Aim of the exercise:
Each entry below should be returned exactly as is, with the pictures removed.

[Data records]
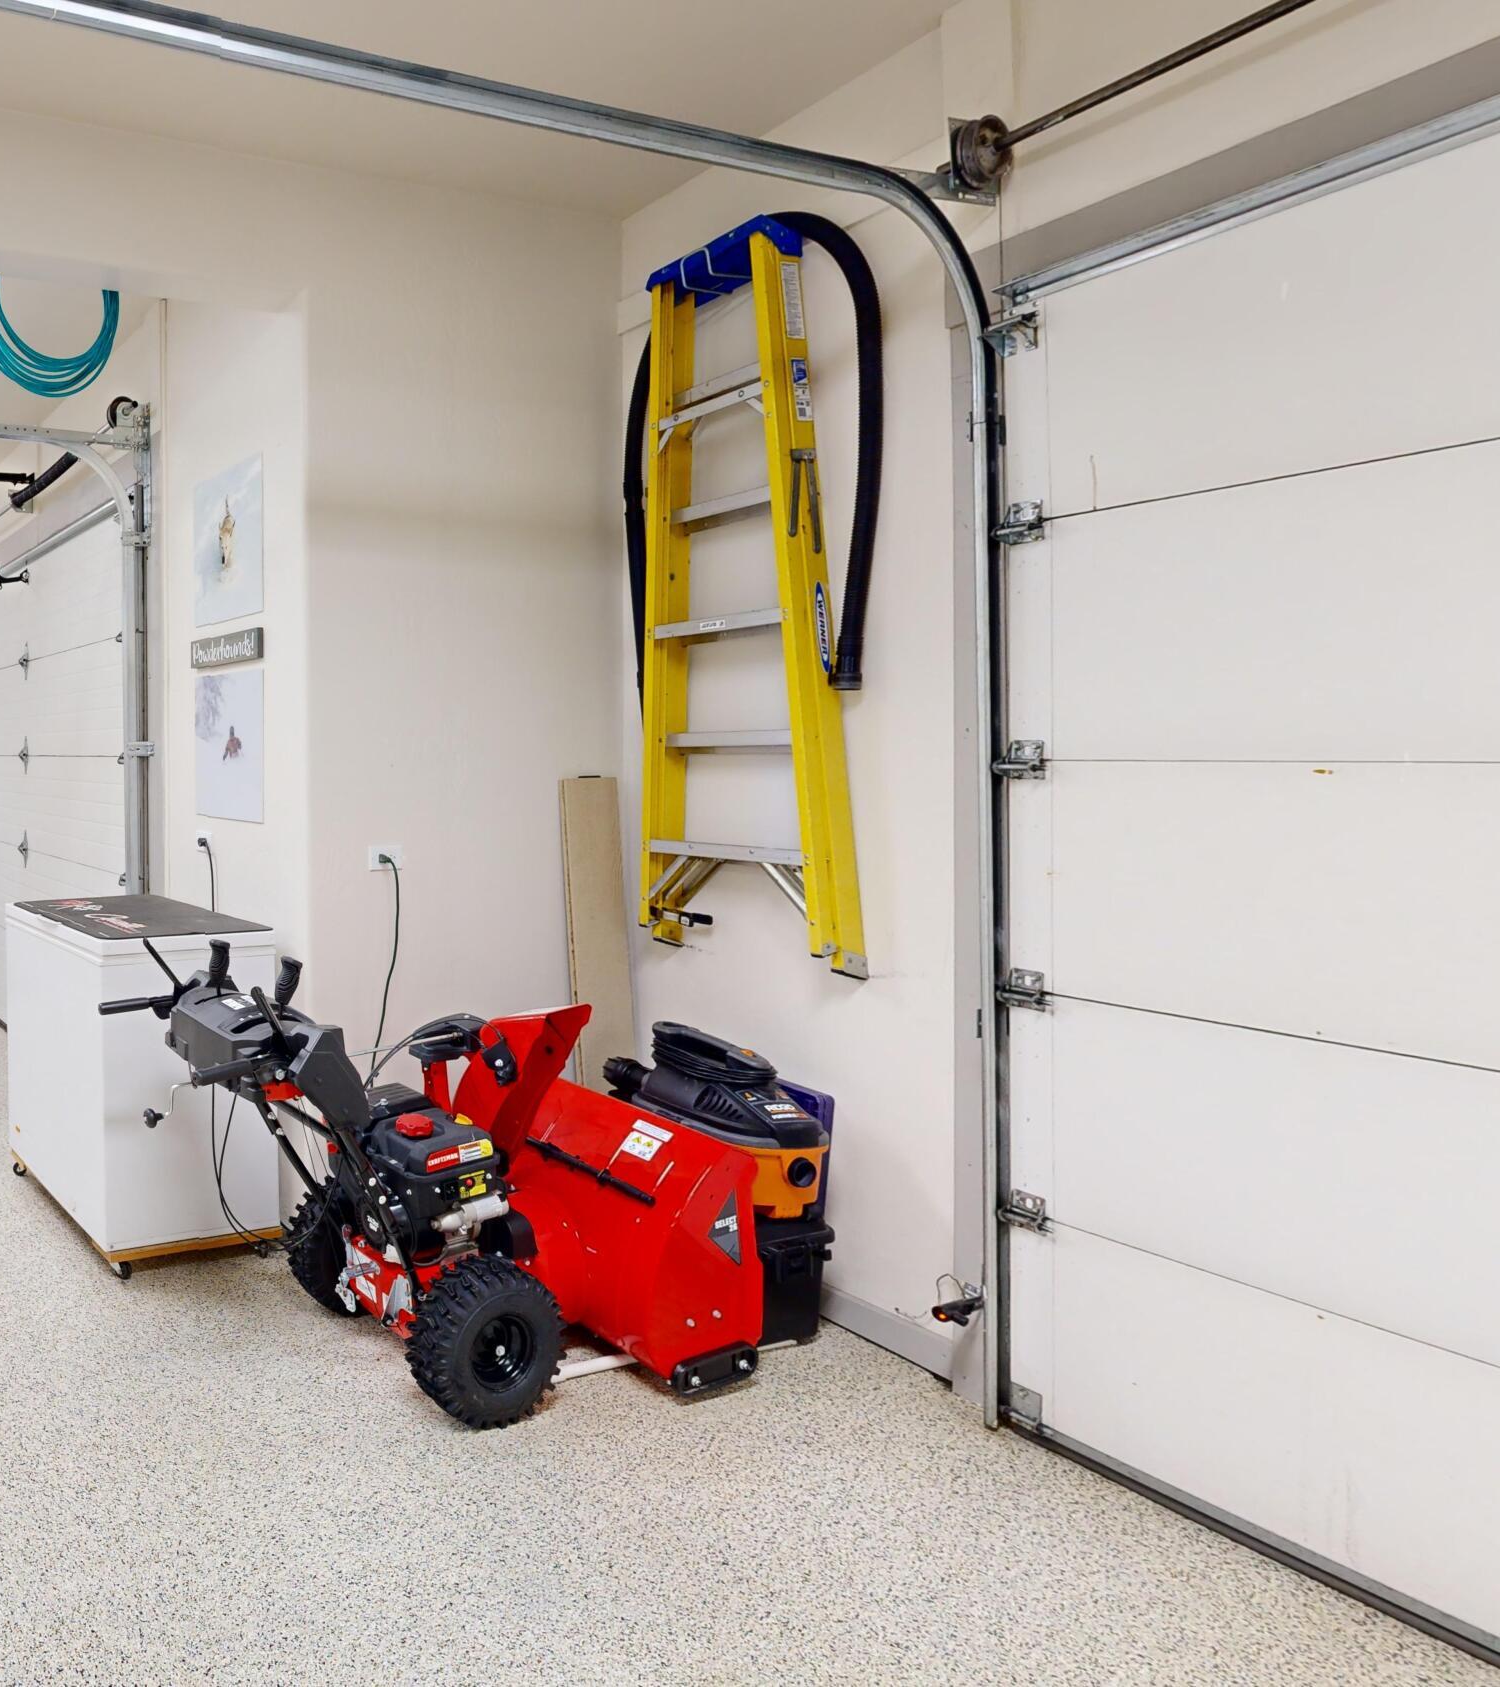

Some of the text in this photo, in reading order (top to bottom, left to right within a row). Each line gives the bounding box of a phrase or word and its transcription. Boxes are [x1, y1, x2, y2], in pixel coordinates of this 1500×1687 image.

[816, 600, 828, 655] WERNER
[192, 631, 255, 665] Powderhounds!
[714, 1215, 738, 1229] SELECT
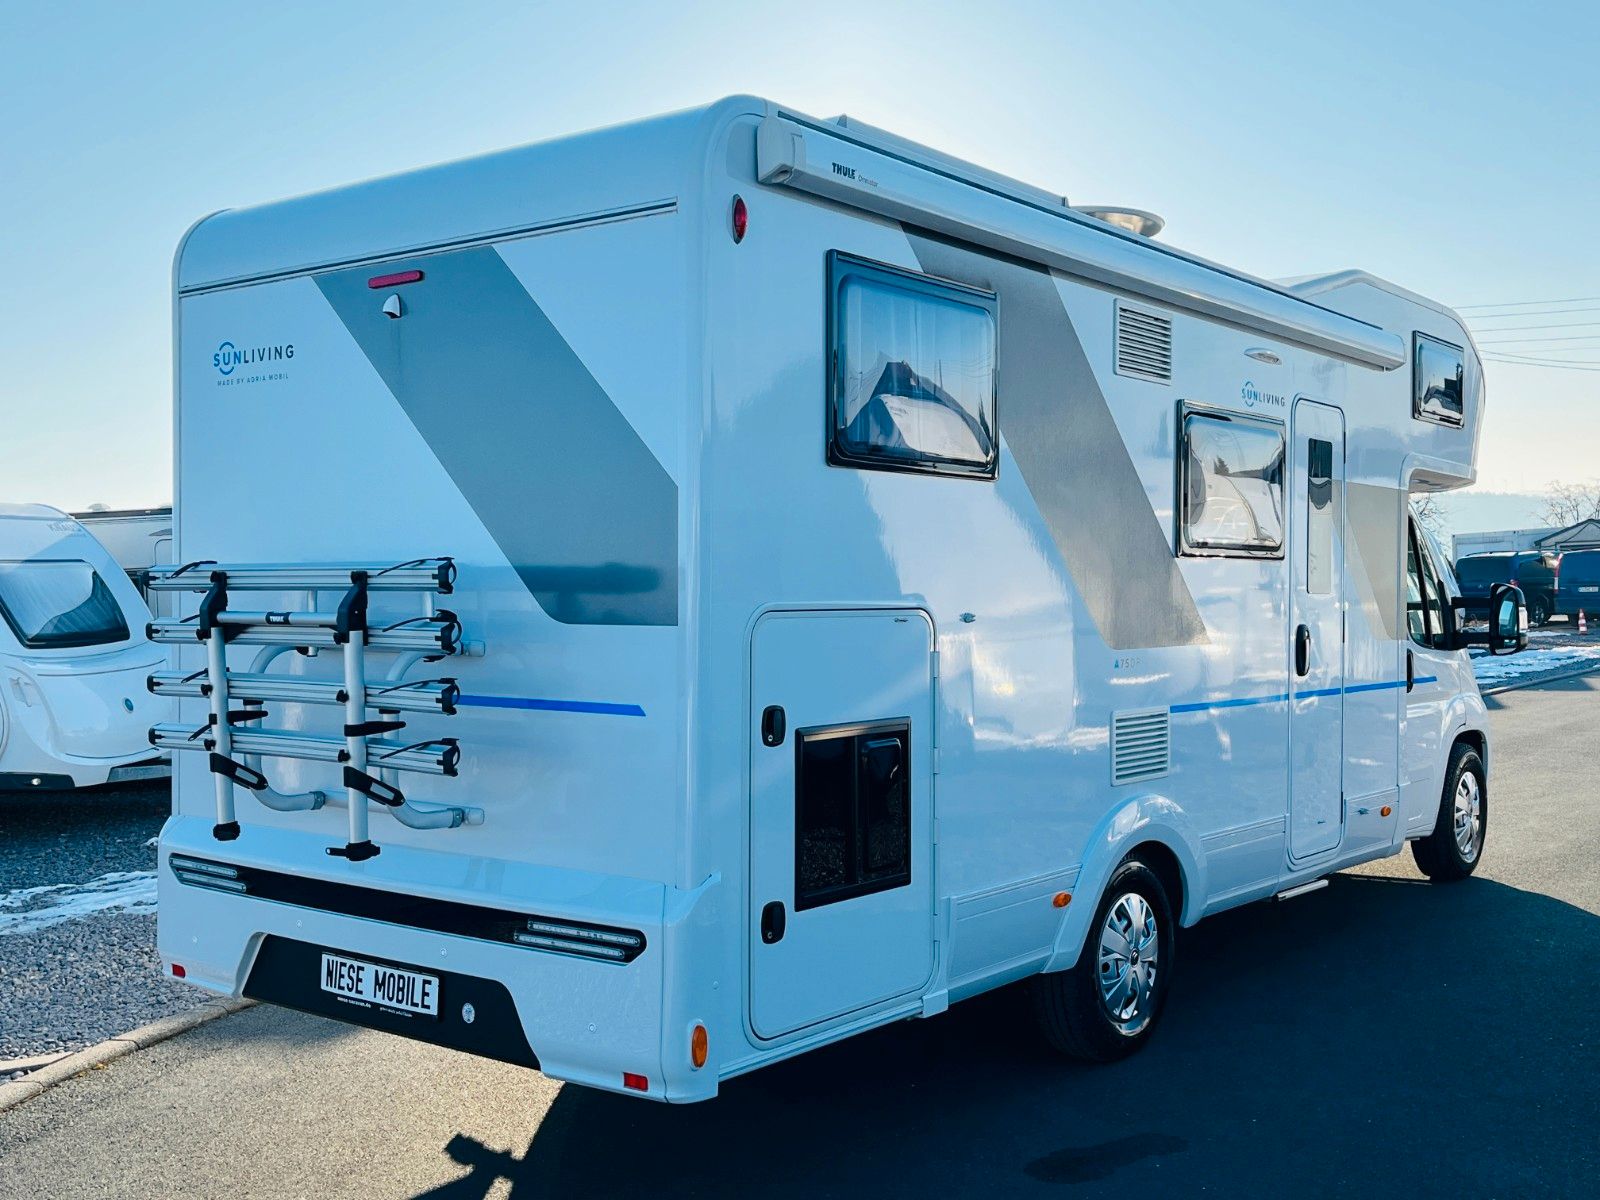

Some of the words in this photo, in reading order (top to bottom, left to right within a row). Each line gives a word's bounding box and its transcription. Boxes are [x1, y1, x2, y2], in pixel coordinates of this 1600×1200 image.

Written response:
Some of the text in this photo, in reading order (top to bottom, left to right within a row). Each line gives the bounding box of a phrase or word and its transcription. Boxes are [x1, y1, x2, y2], in pixel coordinates of this 1500×1687 image.

[816, 600, 828, 655] WERNER
[192, 631, 255, 665] Powderhounds!
[714, 1215, 738, 1229] SELECT

Some of the words in this photo, in reading order (top to bottom, left to right within a row). Each line gives a word's bounding box and its transcription. Boxes are [x1, y1, x2, y2], in pixel coordinates of this 1600×1200 image.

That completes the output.